I reached out to Keret, our generation’s best-loved Israeli author, Thursday because I felt myself getting fatigued by the big story — overwhelmed by the emotional interviews about hostages, tired of the talking heads, dizzied by the despicable lies drowning social media. Keret is Israel’s bard, a remarkably prolific producer of short fiction and essays and films and children’s books and graphic novels — and also a person whose casual observations land like poetic prose, even in his slightly broken English.


He was born in 1967 to Holocaust survivors from Poland. We first met him in 2012, shortly after I began my tour as Jerusalem bureau chief of The New York Times, bonding over the fact that our sons were both named Lev, the Hebrew word for heart. I like to call him when I need a sense of the Israeli street, the Israeli soul. 


I didn’t ask “Are you OK?” because I know no one is OK. 


“What I feel is that we’re usually a very complex network of contradictory emotions in some kind of balance,” he began. “We love somebody but we’re a little jealous of them. And we’re a bit attracted to them, too. But we’re also afraid of them — there is a very, very intricate web. 


“A situation like this, we become one emotion: We’re in despair, we want vengeance, we’re afraid.

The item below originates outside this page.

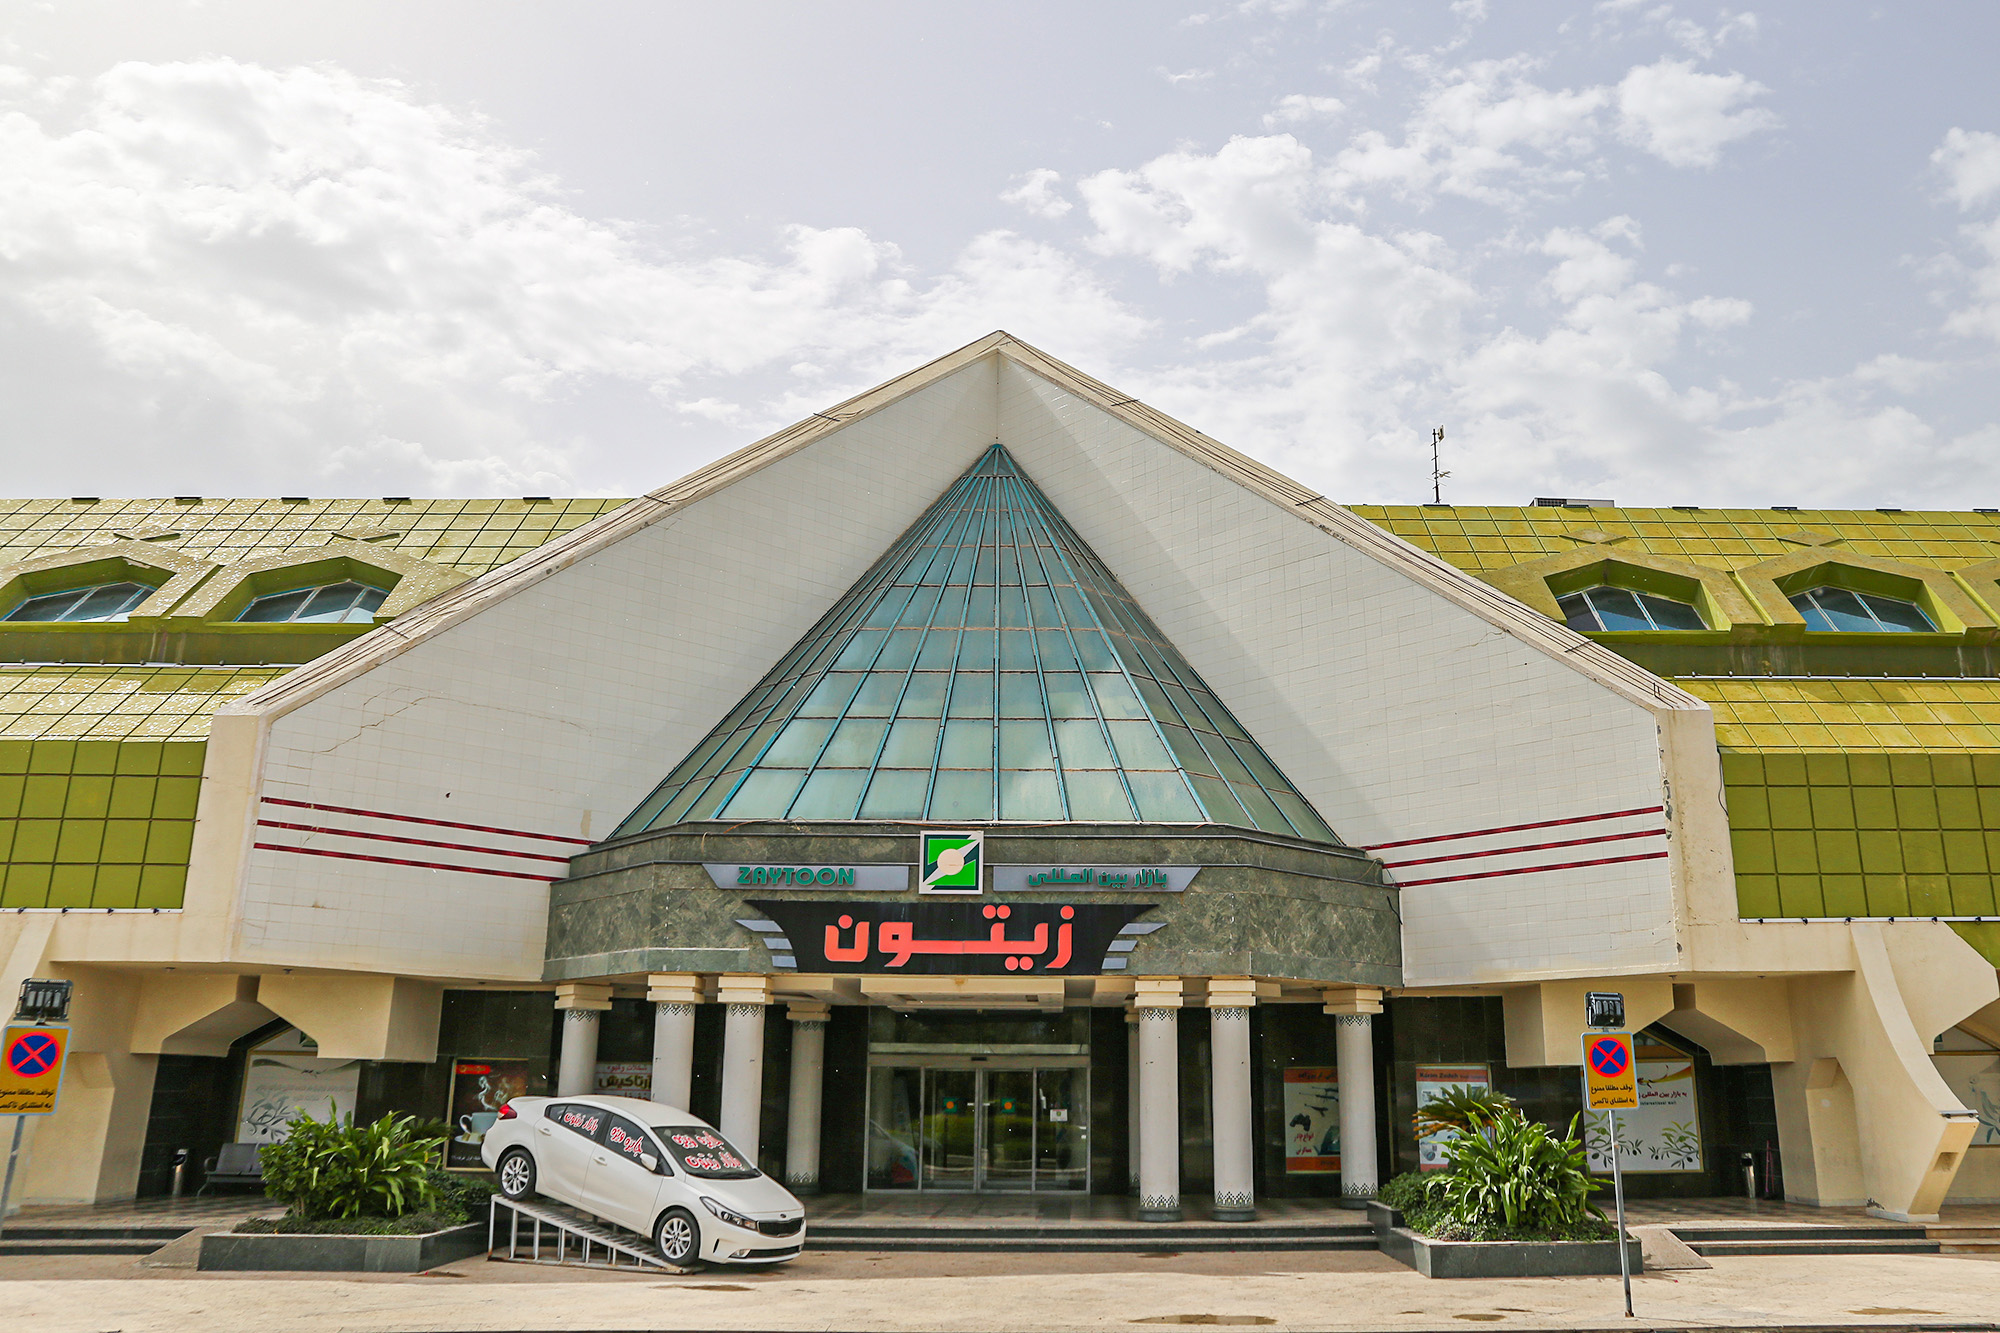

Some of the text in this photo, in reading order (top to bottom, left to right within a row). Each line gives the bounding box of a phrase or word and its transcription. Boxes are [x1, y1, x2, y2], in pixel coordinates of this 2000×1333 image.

“Usually when there is a terrorist attack, you tend the wounded,” he continued. “But here it seems everybody is wounded. You see somebody in the street, and you say ‘Let’s have a coffee,’ and you feel like you’re helping somebody.” 


Etgar Keret, Israel’s bard, talking to soldiers this week. “Every day I’m somewhere else,” he said. (Courtesy) 

Keret has not written a new story since the war began, which is unusual for him; he typically produces several a week. He has instead been giving impromptu readings — to children who survived the Hamas massacres at the border communities of Kfar Aza and Nir Oz; to soldiers awaiting deployment to the front; at a retirement home where some had numbers tattooed on their arms; over Zoom to people stuck in their safe rooms because of the ongoing barrage of rockets from Gaza.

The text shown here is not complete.